Nikhil Vyas is a Postdoctoral Research Fellow at Harvard’s School of Engineering and Applied Sciences. Before Harvard, he received his PhD from MIT in theoretical computer science. Vyas’ current research focuses on improving and understanding deep learning. He is interested in the topics of improving efficiency of neural network optimization, scaling laws, and understanding feature learning in neural networks.

Jingfeng Wu is a Postdoctoral Fellow at the Simons Institute at UC Berkeley. He is a part of the NSF/Simons Collaboration on the Theoretical Foundations of Deep Learning. He obtained his PhD in Computer Science at Johns Hopkins University, advised by Vladimir Braverman, and Bachelor’s and Master’s degrees at Peking University.

Difan Zou is an Assistant Professor in the Department of Computer Science at The University of Hong Kong and The HKU Musketeers Foundation Institute of Data Science. He is interested in machine learning, stochastic optimization, and graph learning, with a special focus on the theoretical/empirical understanding (or Physics) of deep learning (especially foundation models).

Udaya Ghai is a Senior Machine Learning Scientist at Amazon, where his research focuses on applying reinforcement learning to supply chain optimization. He is interested in theory and algorithms for machine learning, particularly reinforcement learning, control, optimization (convex and non-convex), and online learning. He completed his PhD in Computer Science at Princeton under the supervision of Professor Elad Hazan, where they worked at the intersection of online learning and control theory.

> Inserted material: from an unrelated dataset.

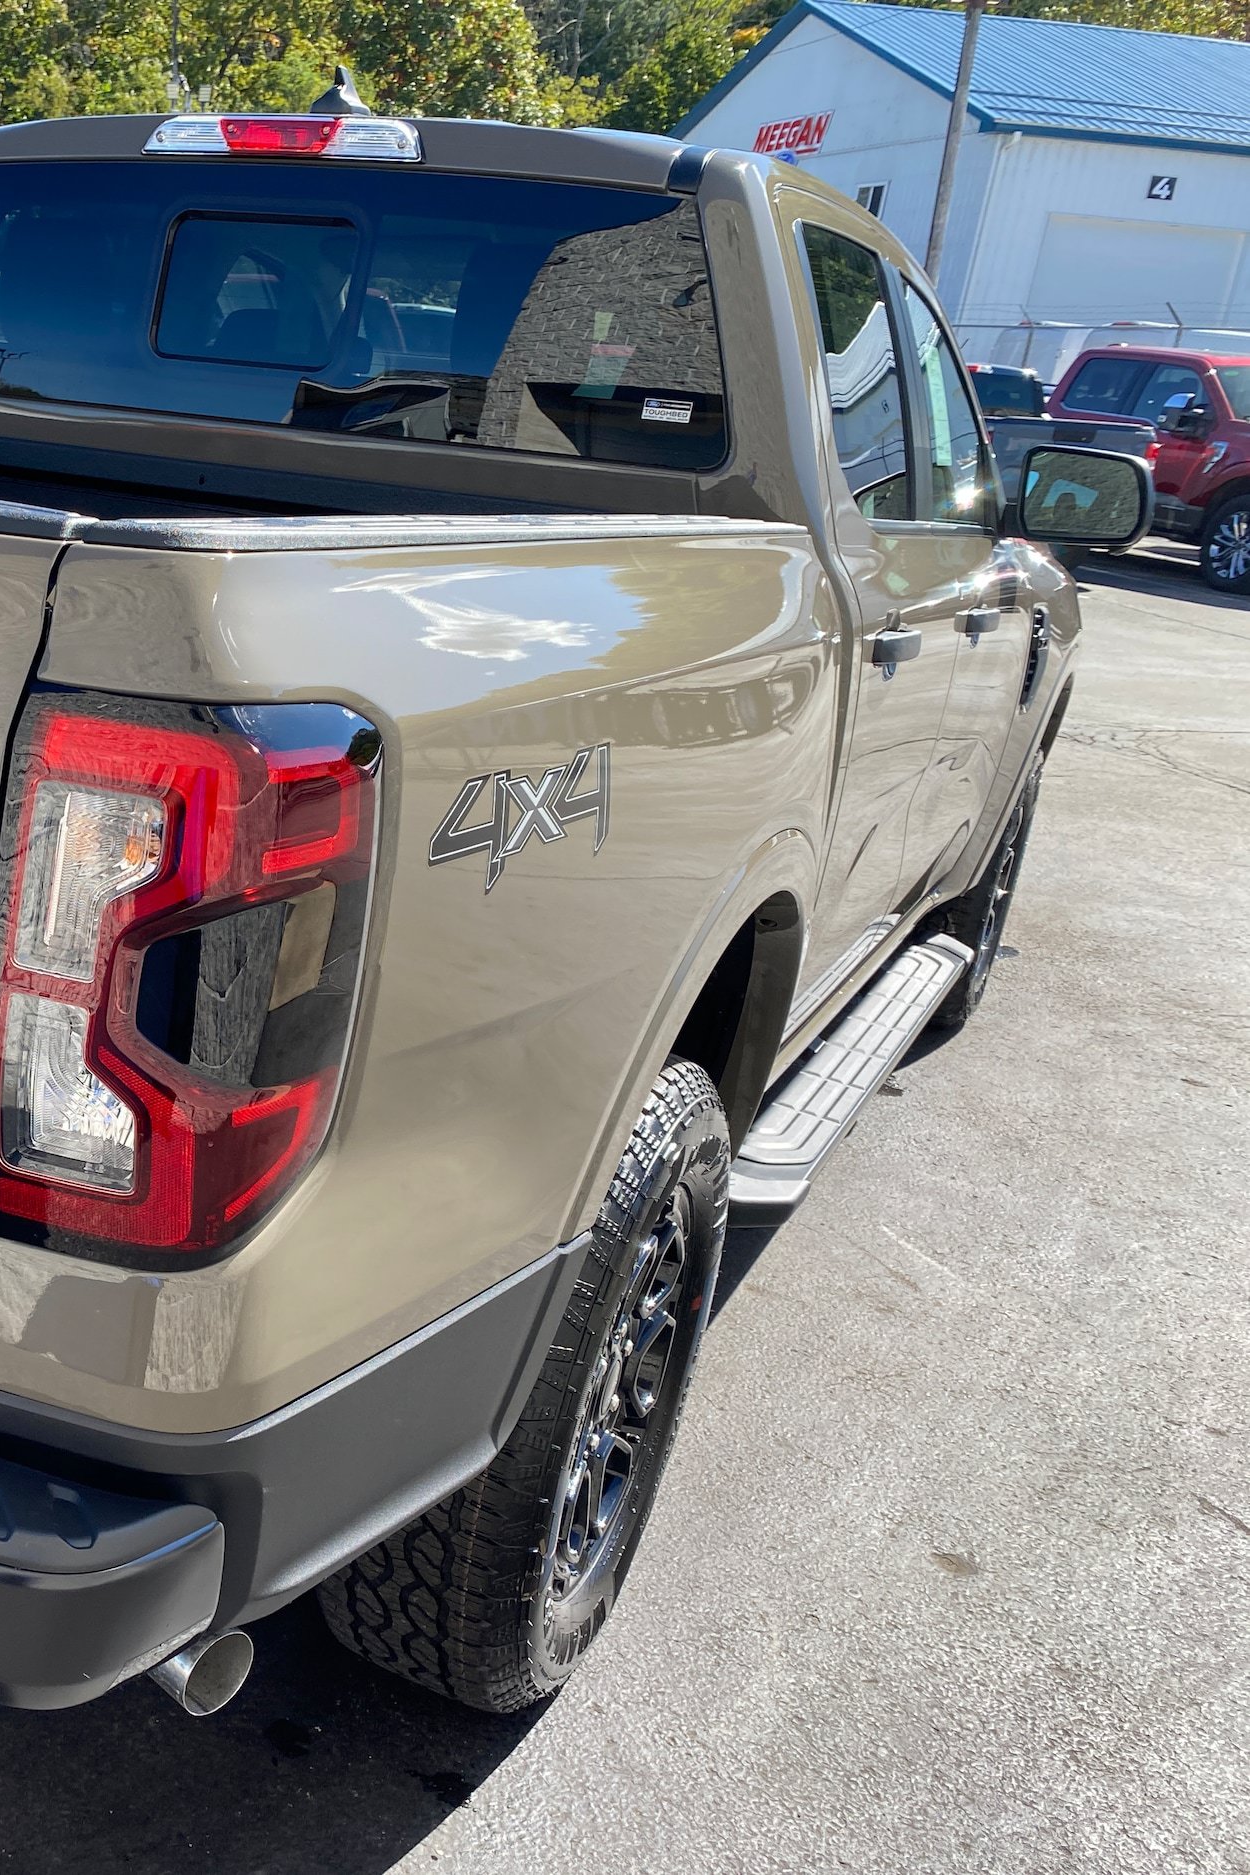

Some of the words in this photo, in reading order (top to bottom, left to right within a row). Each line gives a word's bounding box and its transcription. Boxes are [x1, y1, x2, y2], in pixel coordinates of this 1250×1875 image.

Dean Foster is the Marie and Joseph Melone Professor Emeritus of Statistics at the University of Pennsylvania Wharton School of Business. He received his PhD from the University of Maryland.

Sham Kakade joined the Harvard University faculty in spring 2022. He works on the mathematical foundations of machine learning and AI. He also focuses on the design of provably efficient and practical algorithms that are relevant for a broad range of paradigms. He earned his PhD at the Gatsby Computational Neuroscience Unit at the University College London and came to Harvard from the University of Washington, where he was a professor in computer science and statistics. He has also been a principal research scientist at Microsoft Research in New England and New York City.